Quelle est donc la cause de la peur de demain ? C’est ce qui nous est apparu : l’inscription de notre être nécessairement fini et contraint dans un environnement qui le surpasse infiniment.
3/ on rencontre ici alors le 3e axe d’analyse : la valeur de cette peur du lendemain, étant donné ce que nous venons de dire sur sa nature, à savoir : c’est une affection présente, qui nous renseigne à la vérité sur notre représentation du futur, sur notre façon de nous imaginer le temps, mais sans doute pas sur la nature réelle du futur.
Lançons pour finir la piste de l’examen d’un caractère heuristique de la peur de demain, c’est-à-dire l’hypothèse selon laquelle cet affect pourrait nous mettre sur la voie de la prudence par rapport à une situation potentiellement périlleuse. La question examinée ici est celle de la rationalité d’une telle peur parce que ce serait cette rationalité qui donnerait de la valeur à la peur.
La peur se dit timor en latin qui nous a donné timoré : la peur se rapporterait davantage au désir, la peur serait un adjuvant de l’action, cet affect nous pousserait à agir sous le coup du désir d’éviter un grand mal par un moindre mal dans le contexte d’une mauvaise rencontre. Comme dit Aristote, « la peur nous rend capables de prendre un parti, tandis que personne ne délibère plus dans une situation désespérée ». Et on est encore moins prudent dans la situation inverse de sécurité. Où l’on se sent à l’abri de tout. Quand on ne se sent pas à l’abri, mais exposé, on agit, voilà apparemment le ressort affectif de l’action de préservation.

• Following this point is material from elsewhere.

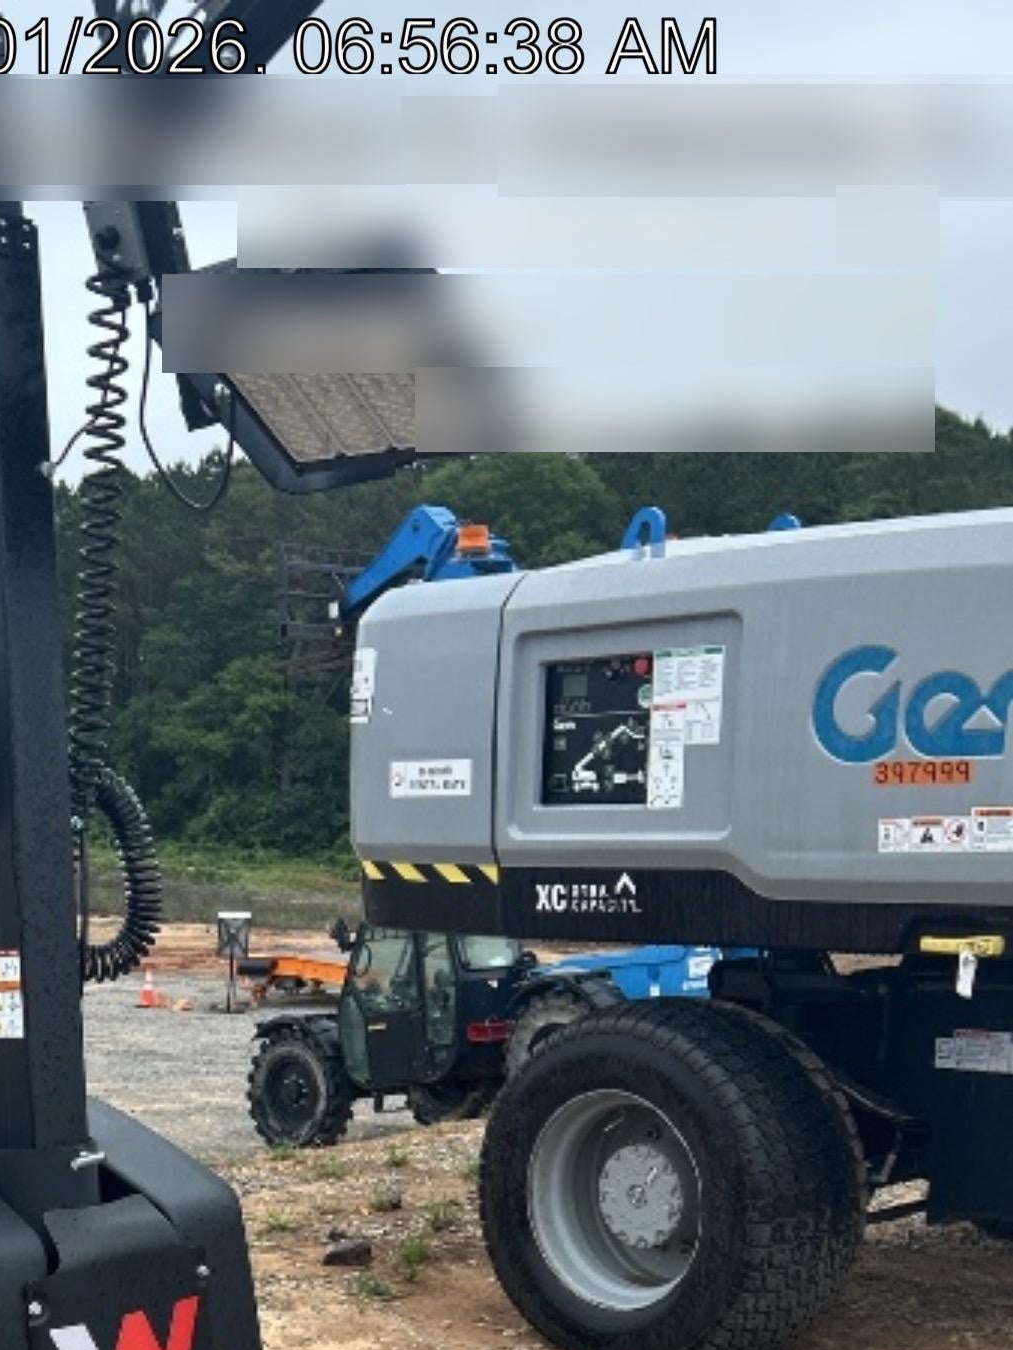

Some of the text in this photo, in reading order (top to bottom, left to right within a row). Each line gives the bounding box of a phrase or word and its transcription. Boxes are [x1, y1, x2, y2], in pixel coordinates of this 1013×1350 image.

[812, 645, 1013, 764] Ge
[874, 762, 971, 784] 397999
[535, 884, 568, 912] XC

C’est ainsi que l’on pourrait raccorder avec tout le courant de pensée qui, depuis Hans Jonas, met en avant le principe de précaution. De la PMA au clonage, en passant par toute une série de questions qui mettent en jeu l’avenir technique de l’homme et l’avenir de la planète, la peur du lendemain serait motrice dans la prise en compte active de ces questions et leur examen sérieux dans des comités d’éthique.

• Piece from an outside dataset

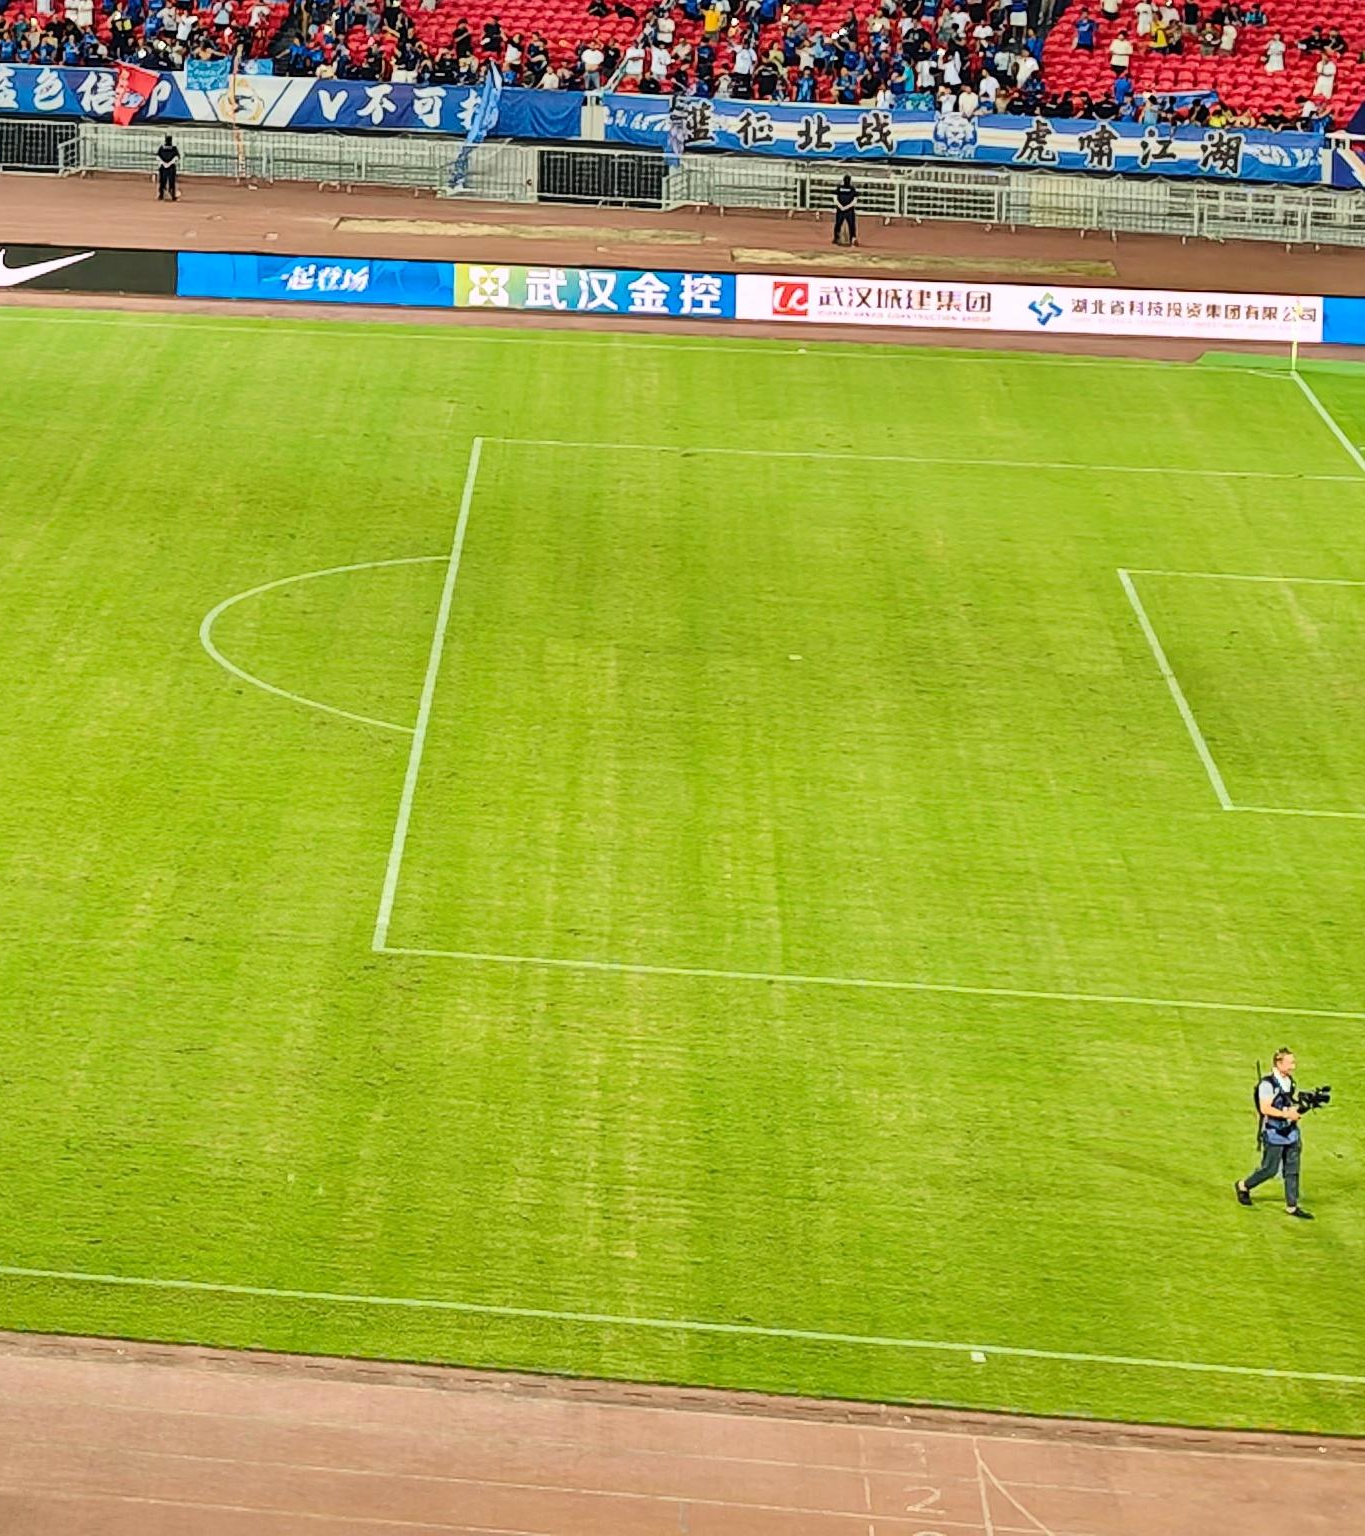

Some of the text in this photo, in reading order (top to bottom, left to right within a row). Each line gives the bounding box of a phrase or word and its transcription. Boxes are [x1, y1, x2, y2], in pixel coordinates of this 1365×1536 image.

[1015, 117, 1244, 177] 虎啸江湖
[524, 267, 723, 316] 武汉金控
[818, 285, 992, 314] 武汉城建集团
[1071, 297, 1317, 323] 湖北省科技投资集团有限公司

Cette question est liée à la question de pouvoir prévoir les risques et les maux futurs.
Il est certain que la prudence, attitude rationnelle et raisonnable, enveloppe un élément d’appréhension, le propre d’individus avertis, qui ont un usage des choses et notamment du danger. L’appréhension implique une certaine attitude cognitive, utile et adaptée pour prendre un parti et agir le mieux possible c’est-à-dire au mieux de ses intérêts ou des intérêts d’un groupe. Mais ceci étant dit, une fois analysées les raisons de la peur, autrement dit une fois que l’on a raisonné, que reste-t-il de la peur comme trouble, comme affect ?

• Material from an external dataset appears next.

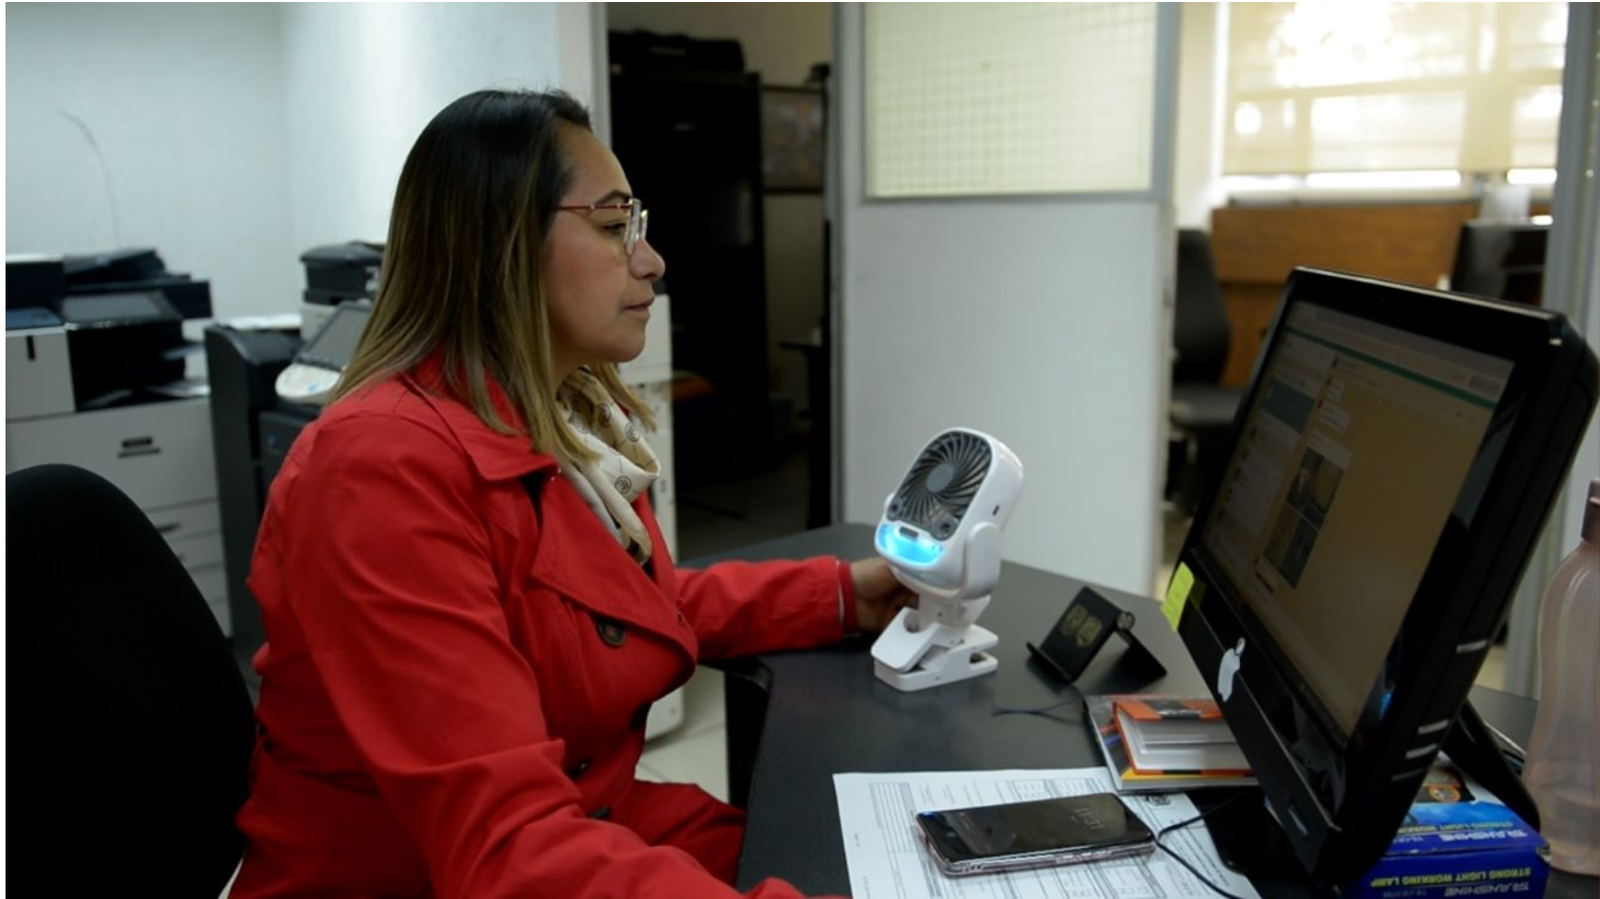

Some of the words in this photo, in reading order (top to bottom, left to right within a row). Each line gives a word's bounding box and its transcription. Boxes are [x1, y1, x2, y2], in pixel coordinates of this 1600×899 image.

[1455, 871, 1486, 882] LIGHT
[1489, 867, 1531, 880] STRONG
[1370, 876, 1399, 888] LAMP
[1402, 874, 1453, 886] WORKING

Il semblerait que l’on ait ici affaire à un cercle, la peur n’est rationnelle (justifiée) que si c’est une marque de prudence et qu’elle ne vaut que par ses raisons. Hors de ses raisons, la peur comme trouble, comme affect, que vaut-elle ?
On peut mettre en question pour finir les raisons de la peur considérée comme telle, comme un trouble de l’affectivité humaine qui porte davantage à l’agitation et à l’action spontanée, cad non raisonnée. Et l’on rejoindrait ici l’antique maxime stoïcienne : « que le futur ne te trouble pas ». Cette maxime n’est pas un vœu pieux, car elle est fondée en raison, car des maux futurs ne sont pas des maux. Seul le présent pèse sur nous et nous affecte. Pour finir d’un mot de Sénèque :
« Bien malheureuse est l’âme obsédée du futur, malheureuse avant le malheur ». Et d’autant plus malheureuse, qu’elle voudrait qu’on lui garantît un risque zéro, ce qui est tout bonnement impossible.